Being Grounded is Important

It’s possible to be so carried away in thought that we become out of touch with our bodies and immediate surroundings. Being in tune with our bodies helps us to stay healthy, and being in tune with our immediate surroundings helps us to be more relaxed, and at peace. If you experience a lot of stress, live a life that is very fast-paced, or have mental health issues, meditation could certainly be beneficial.

Don’t Meditate to Become ‘Enlightened’

If you’re attracted to meditation because you want to experience ‘Christ consciousness’ or some other deep state of spiritual awakening, you’re going to be disappointed. Often people begin meditation practice as a form of escape, and the dangling carrot of enlightenment has a strong pull for spiritually-inclined people. But as I explained in depth in this article, there is no enlightenment. You may experience more peace and a greater awareness, but if you’re looking for a grand mystical experience that will free you from your troubles, you’re taking the wrong approach. Psychotherapy or counselling are likely to be a much better option.

How do I get Started with Meditation?

There are of course many different ways in which to meditate, and I would encourage you to explore different approaches and methods and see what appeals. A great way to get started is the 5-4-3-2-1 meditation practice, which is explained in this video. By far my favourite meditation technique is Autogenic Training, which has helped me to counteract the onset of panic attacks, as well as to de-stress in times of personal difficulty.
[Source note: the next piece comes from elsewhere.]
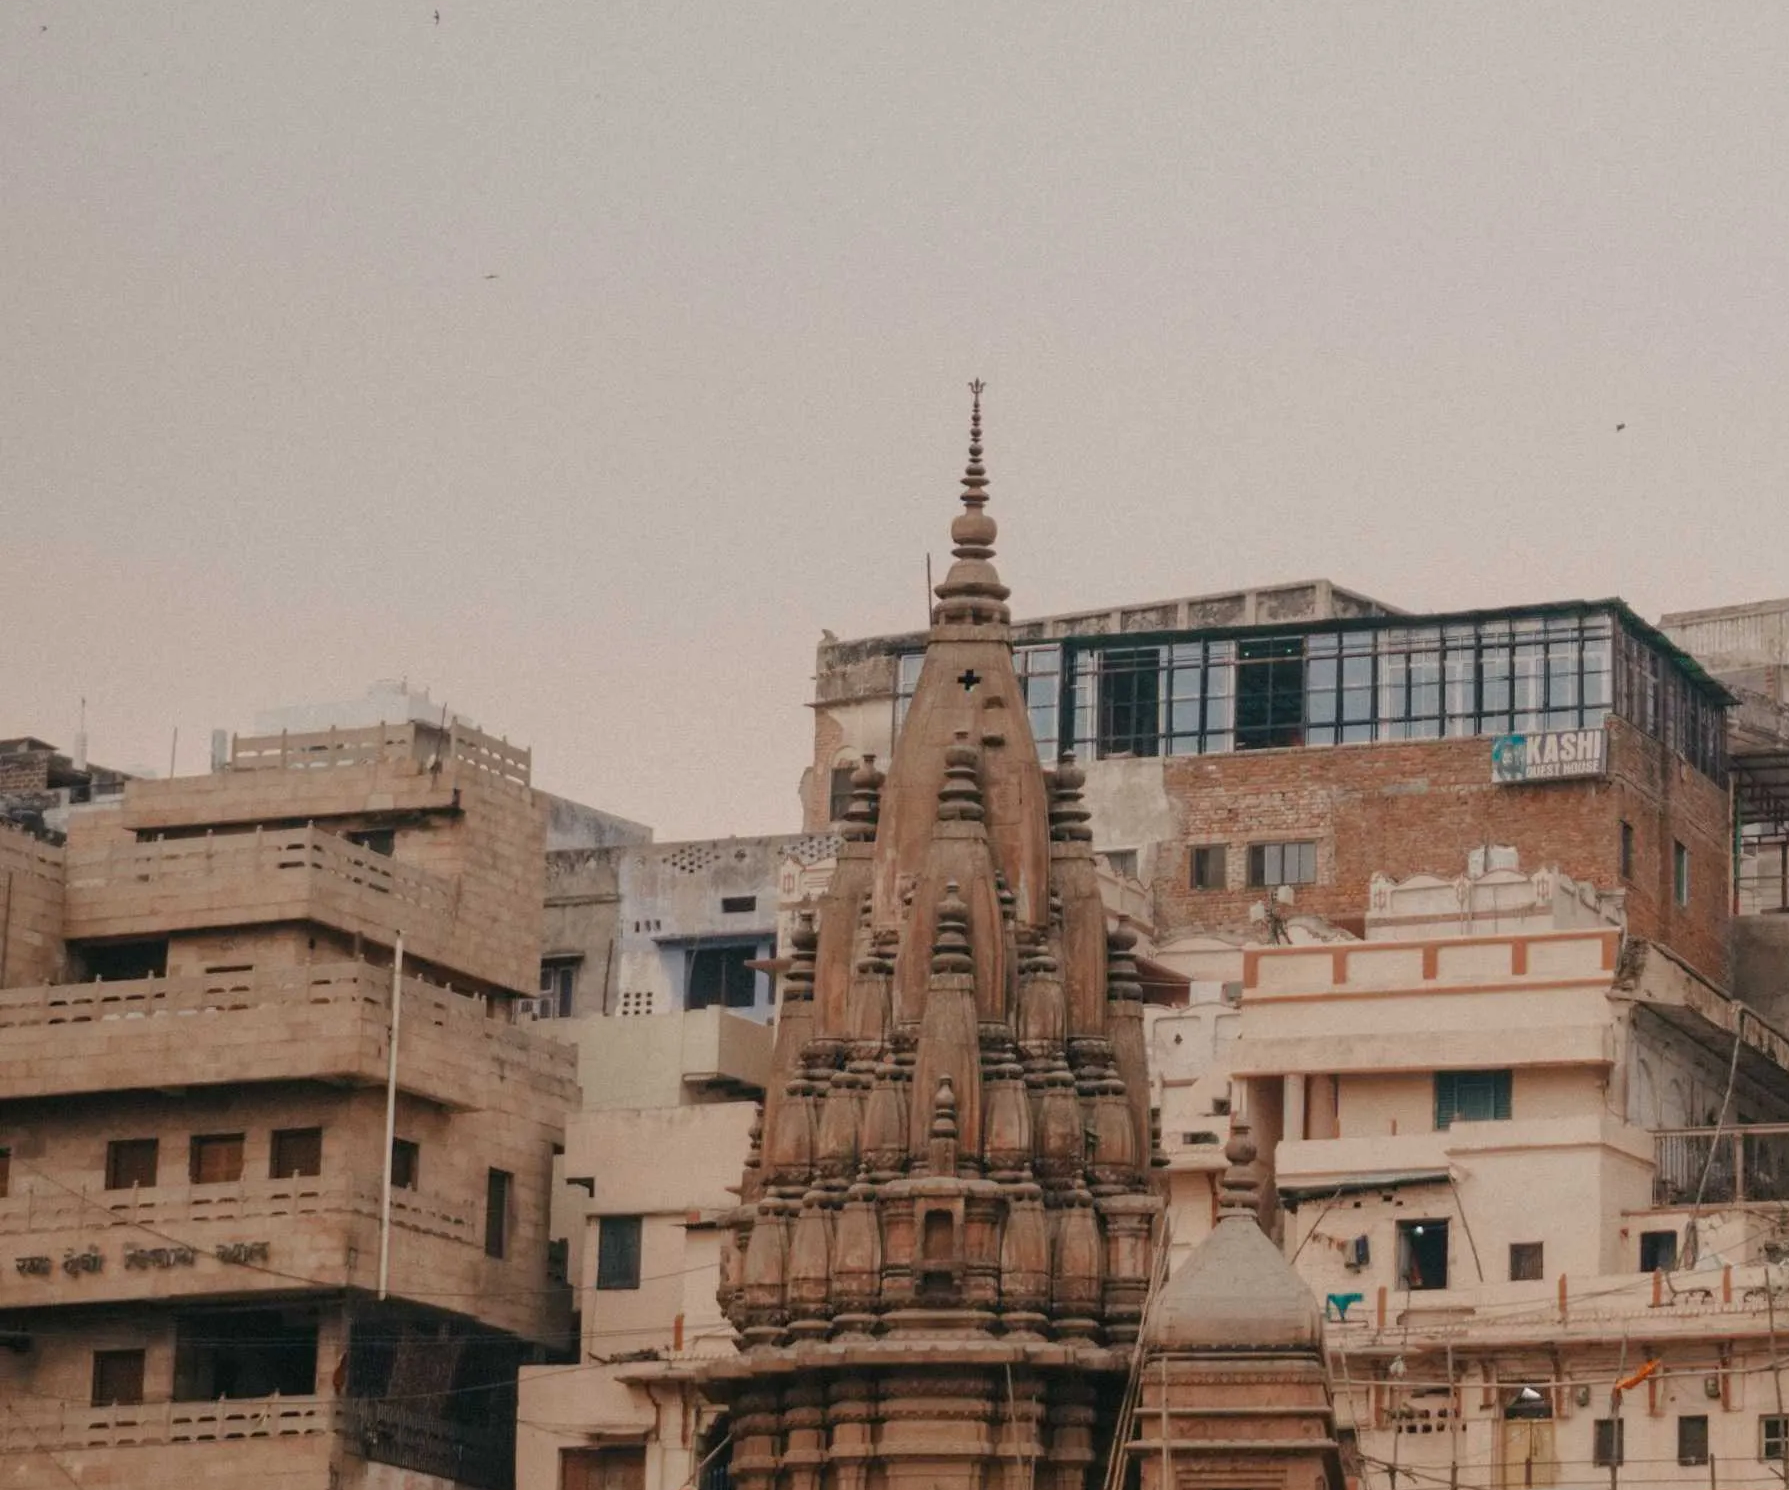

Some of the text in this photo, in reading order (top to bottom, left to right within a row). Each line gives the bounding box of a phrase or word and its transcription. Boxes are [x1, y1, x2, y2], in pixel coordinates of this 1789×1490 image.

[1526, 730, 1601, 766] KASHI
[1526, 760, 1600, 778] GUEST HOUSE
If all of that sounds too complicated, try simply sitting or lying in a quiet space and focusing on the sensation of your feet. Whenever your thoughts wander, return your awareness to the feeling you are experiencing in your feet. Do this for 10-15 minutes and you might be surprised by how relaxed you feel.
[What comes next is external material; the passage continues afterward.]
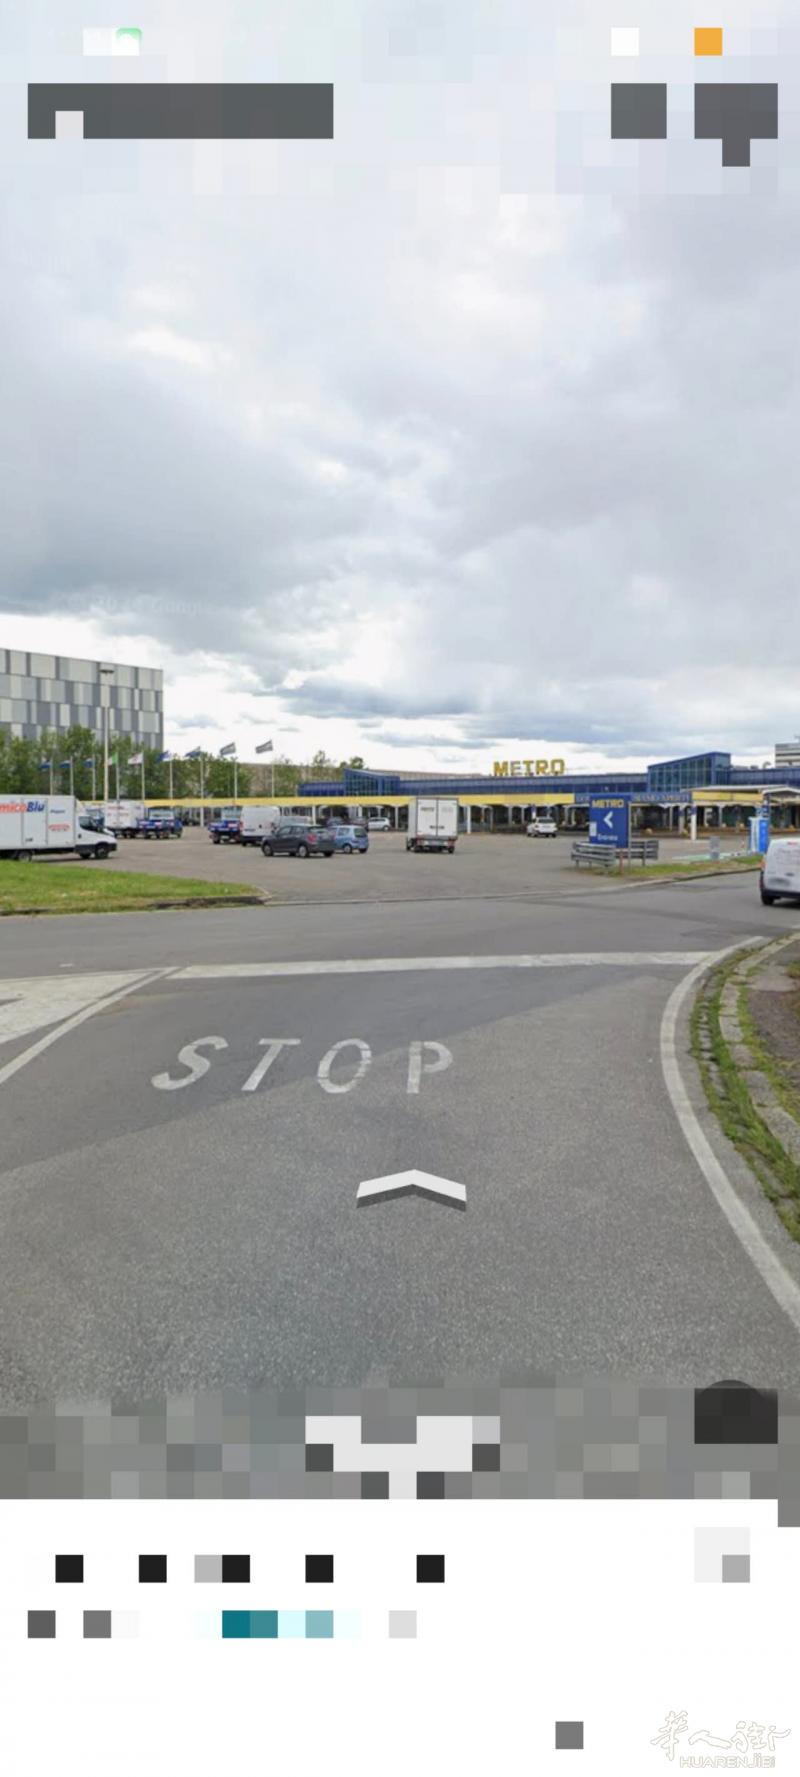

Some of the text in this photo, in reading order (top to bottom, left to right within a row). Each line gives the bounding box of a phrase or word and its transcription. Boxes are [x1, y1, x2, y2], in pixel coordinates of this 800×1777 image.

[493, 758, 565, 776] METRO
[591, 799, 624, 809] METRO
[150, 1035, 454, 1094] STOP
Is Meditation Compatible with Religion?

Of course in certain Eastern religions, meditation is central. For Christians, things are rather more complicated. Prayer is itself a form of meditation, and many Christians will feel that prayer is the most important and most effective way in which to impact our circumstances. In my own experience, the practice of focusing deeply on my thoughts gave me a greater awareness of the existence of God, and while this isn’t necessarily typical, meditation is complementary to philosophy and religion in that we are exploring the nature of our experiences and what it means to be alive.
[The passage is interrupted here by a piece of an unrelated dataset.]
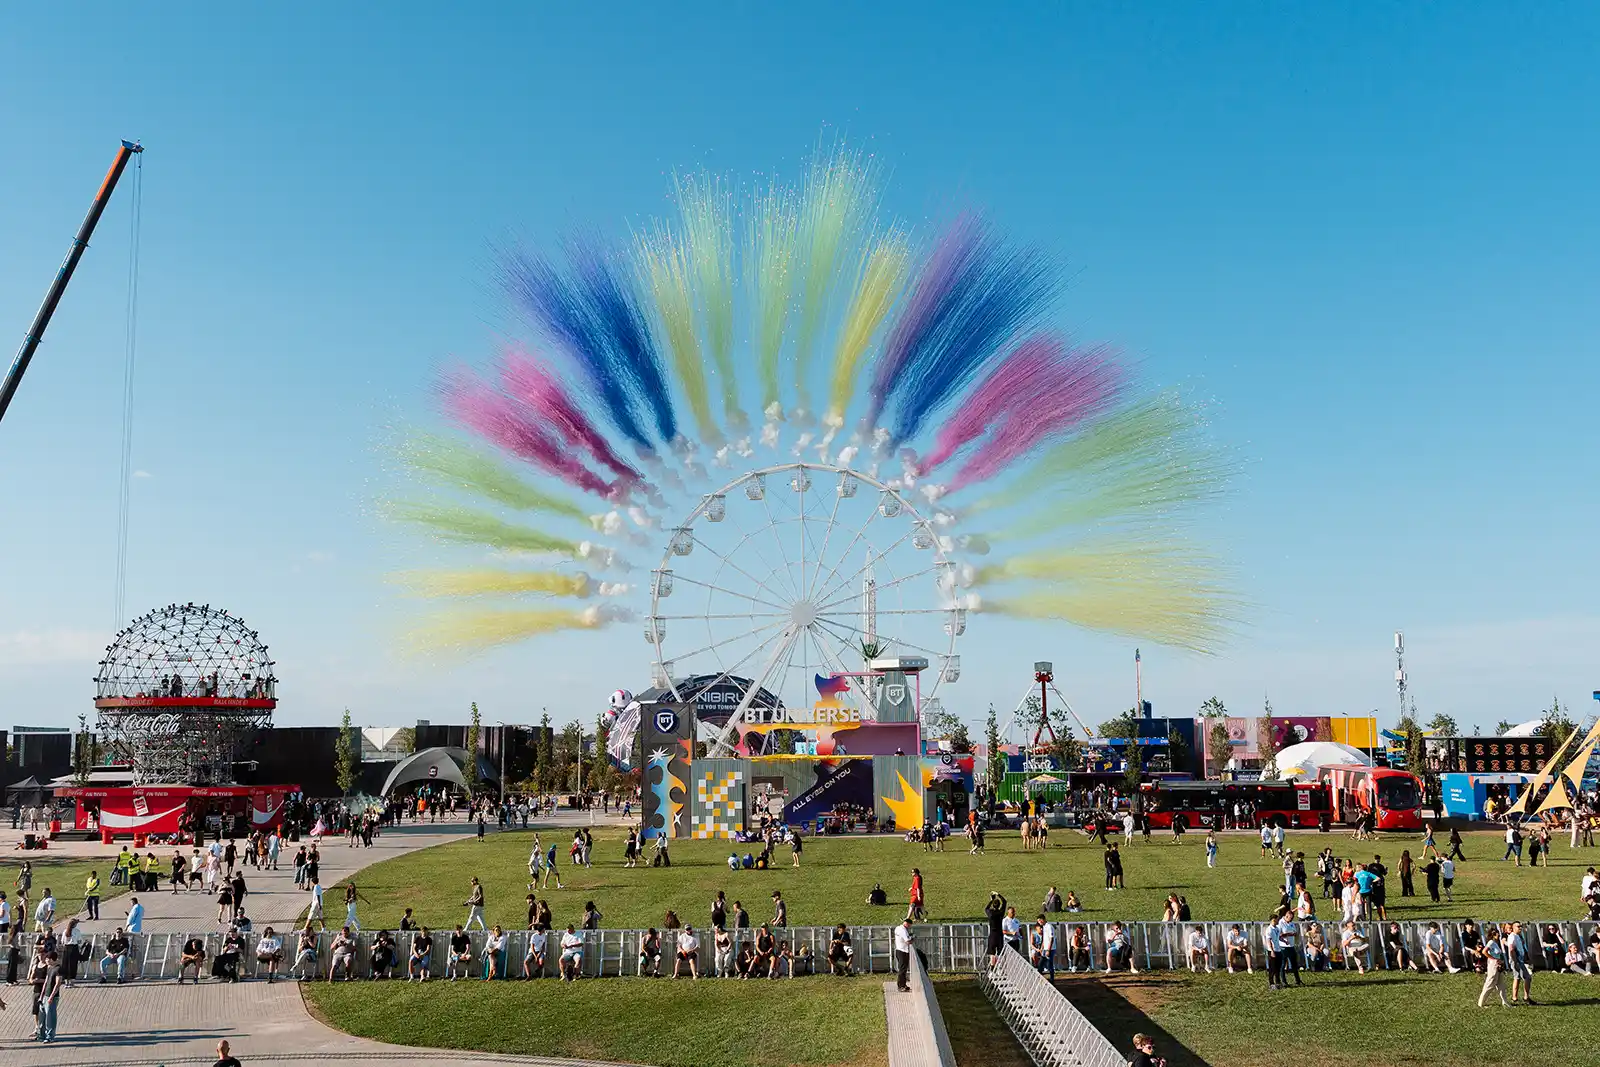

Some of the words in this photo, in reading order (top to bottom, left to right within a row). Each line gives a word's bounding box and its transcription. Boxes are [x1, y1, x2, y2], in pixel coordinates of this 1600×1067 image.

The word ‘meditation’ encompasses a variety of practices that are focused on making us more aware and in tune with how our minds and bodies function. If you’re just starting out, be aware of your motivations for wanting to meditate, and consider whether talking therapy might be more beneficial, or at least complementary to your meditation practice. Don’t expect miracles, but a small regular time commitment to a meditative practice can reap great rewards and contribute to a more balanced, happy life.

I have written an extensive account of some of the dangers of more extreme meditation practices in my book entitled The Philosophy of a Mad Man. For more information, go here. What’s your experience of meditation and/or mindfulness? Feel free to leave a comment below. Thank you for reading!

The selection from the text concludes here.